As described in their letter, H.R. 19, the Lower Costs, More Cures Act, would provide the first-ever out-of-pocket cap for seniors in the Medicare Part D program; cap the cost of insulin for seniors in the Medicare Part D program; empower patients with more drug price transparency and remove uncertainty at the pharmacy counter; and cut the cost of cancer treatment and other drug administration for Medicare beneficiaries by as much as half.

Picking up where Chandra left off, Geoffrey Porges, head of therapeutics research at investment bank SVB Leerink, said Medicare could be facing $50 billion a year in spending on Aduhelm, a prospect that is making both capital markets and investors “very nervous.”

The Centers for Medicare and Medicaid Services,  a federal agency within the United States Department of Health and Human Services, manages the Medicare Part D program.

A spokesperson for the agency said market competition provides an incentive for plans to offer drug coverage at lower premiums.

“While the law does not permit CMS to interfere with plan sponsor negotiations with manufacturers and drug pricing practices, CMS keeps patient access to medications as a guiding principle when establishing and implementing Part D policies,” a spokesperson for the agency said.


Lori Reilly, chief operating officer of PhRMA, a trade group representing the pharmaceutical industry, said the industry’s hope is that whatever legislation is eventually settled on, it’ll be designed to help ease the burden on patients, whether it relates to out-of-pocket deductibles or copays for their medicine.

“We recognize as an industry we will be asked to pay for much of that, and we are happy to be a partner in doing so, but our hope is the costs that are taken out of our industry go into lowering the patient out-of-pocket burden,” Reilly said. 

She then went on to take on the common comparisons between what Americans pay for their prescription drugs and what the citizens of other countries pay in theirs.

Reilly noted that even in highly developed European countries, access to new drugs is often a problem, at least in part because of the drug pricing regimes in those countries.

“They face an 18-month delay on average relative to patients in the U.S., and once those medicines are approved their ability to access them is often significantly less than those patients in the U.S.,” she said.

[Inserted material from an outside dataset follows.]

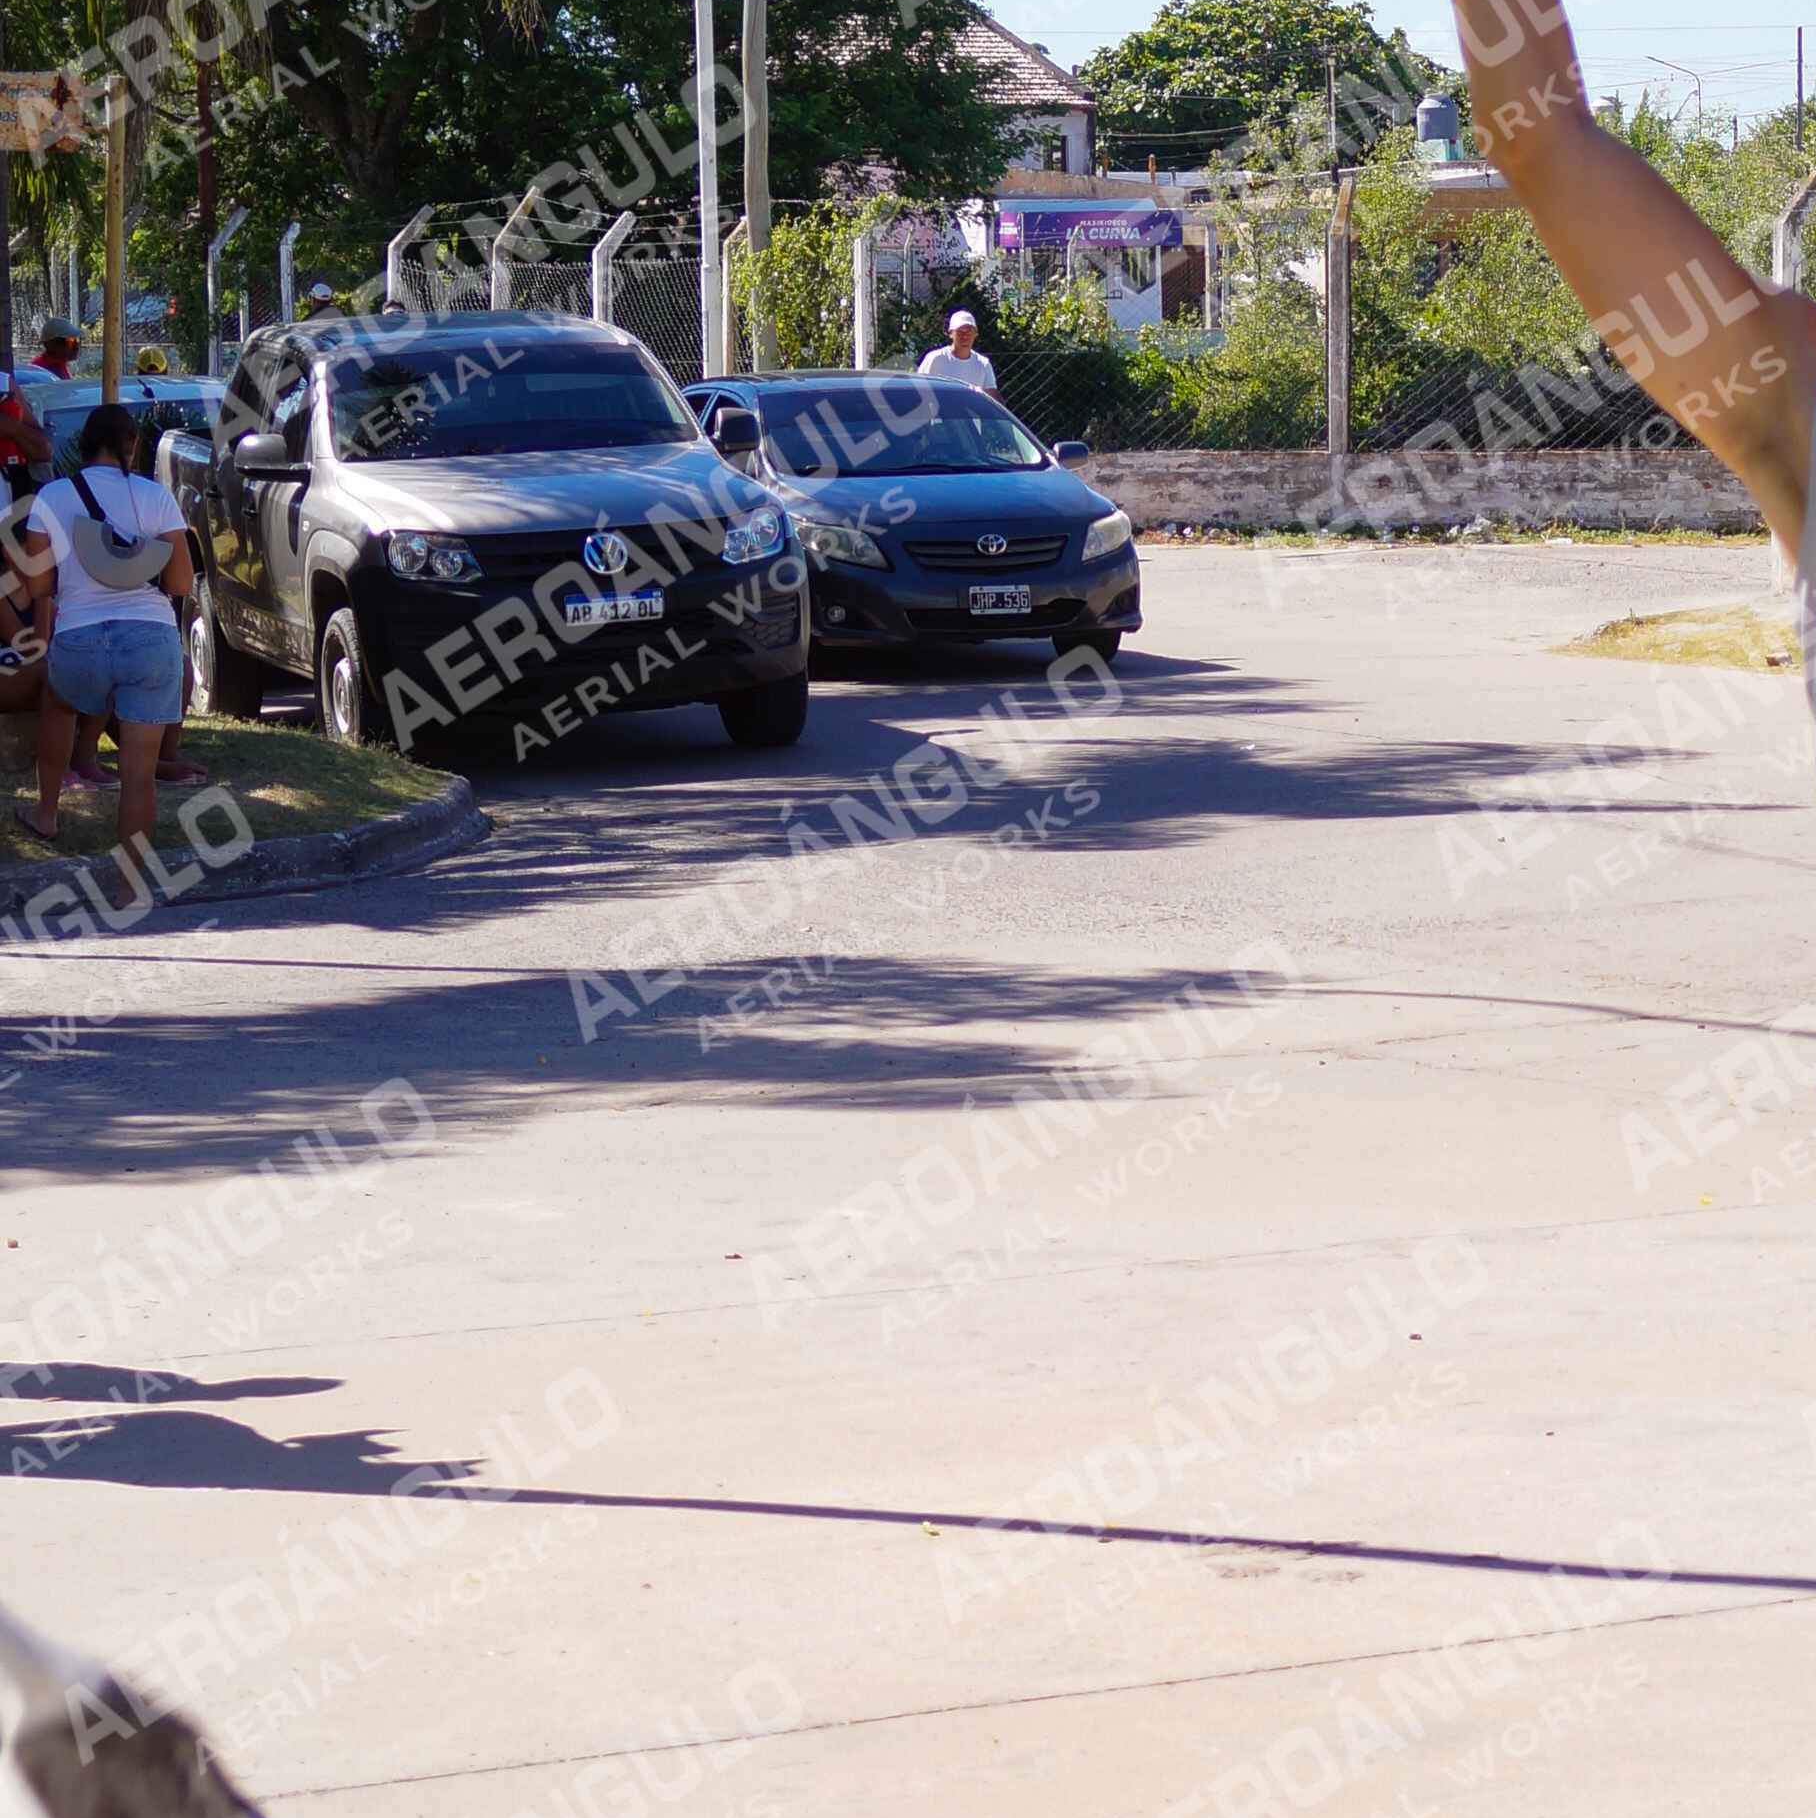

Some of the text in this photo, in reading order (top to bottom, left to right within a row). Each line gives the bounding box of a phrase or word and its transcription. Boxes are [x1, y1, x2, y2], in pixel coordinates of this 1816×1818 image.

[1065, 227, 1141, 241] LA CURVA
[571, 605, 592, 623] AB
[600, 602, 631, 620] 412

Like the ranking members of the House mentioned earlier, PhRMA is no fan of H.R. 3, which the association presents will “upend a collaborative ecosystem that’s been pivotal in our response to the pandemic.”

At the same time, the association agrees with Chandra that H.R. 3 will stifle innovation and lead to fewer new cures and treatments. 

It bases its position on a congressional budget office report from December 2019, showing that the biopharma industry invested $102 billion in research and development in 2018, 100% of which was focused on drug development, while only 8% of the entirety of the $35.4 billion National Institutes of Health budget was focused directly on research related to drug development. 

In response, it has released a series of recommendations intended to lower out-of-pocket costs for medicines while protecting patient access and future biomedical innovation. 

These include modernizing Medicare Part D by capping annual out-of-pocket costs, lowering cost sharing and making it more predictable, sharing savings at the pharmacy counter, and reducing costs in Medicare Part B for advanced therapies and complex biologics. 

“This reform would achieve savings for the government and beneficiaries, and savings for 10% of seniors and people with disabilities,” the association has said.


Other measures by PhRMA to reduce drug pricing include making cost sharing more predictable, having insurance companies be transparent about coverage for medicines from day one, and improving competition in the market by ensuring that incentives are based on the service provided, and not the cost of the medicine. 

“Patient affordability is the number one thing that needs to be addressed, both in the Part D market and commercial market,” Reilly said.